> _Task item_: Please reproduce the data exactly, though every picture must stay out.

> _Input data_:
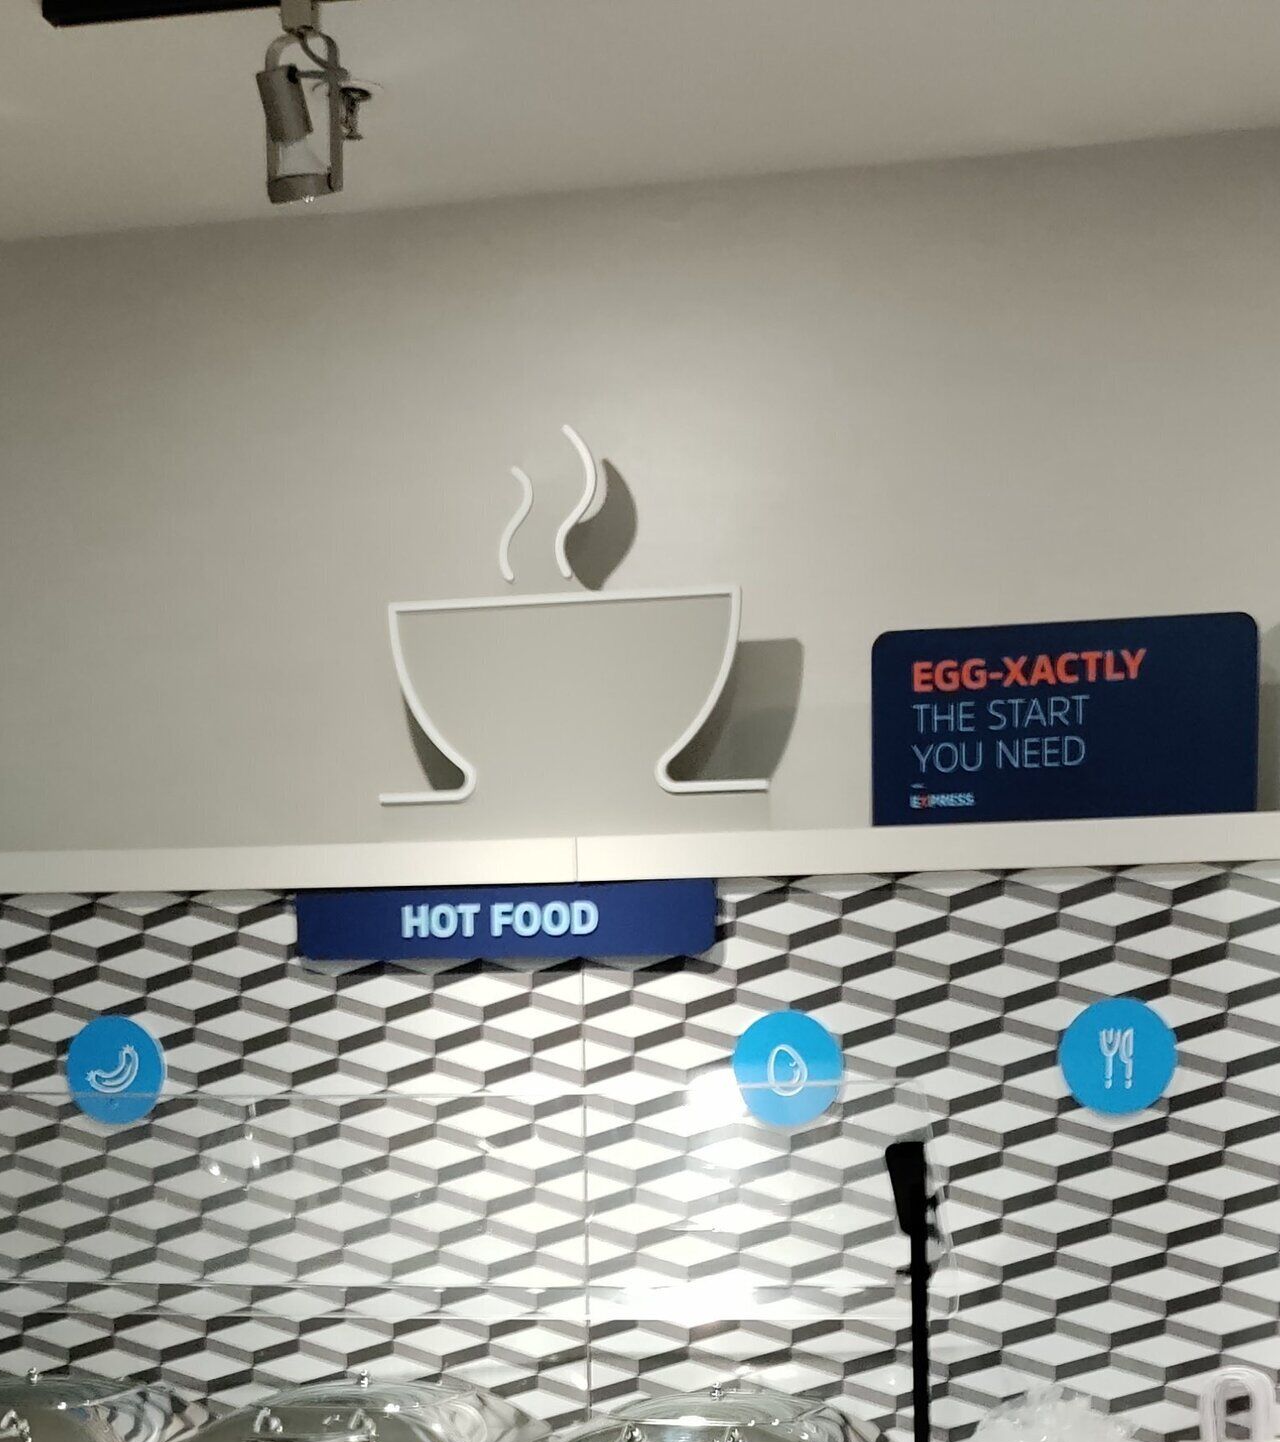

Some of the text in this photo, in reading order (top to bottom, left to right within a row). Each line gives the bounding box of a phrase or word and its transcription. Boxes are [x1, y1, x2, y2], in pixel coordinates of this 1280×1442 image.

[911, 648, 1148, 693] EGG-XACTLY
[911, 694, 1091, 734] THE START
[910, 735, 1087, 774] YOU NEED
[400, 899, 600, 939] HOT FOOD

> _Output_:
Some of the text in this photo, in reading order (top to bottom, left to right within a row). Each line gives the bounding box of a phrase or word and its transcription. Boxes are [x1, y1, x2, y2], in pixel coordinates of this 1280×1442 image.

[911, 648, 1148, 693] EGG-XACTLY
[911, 694, 1091, 734] THE START
[910, 735, 1087, 774] YOU NEED
[400, 899, 600, 939] HOT FOOD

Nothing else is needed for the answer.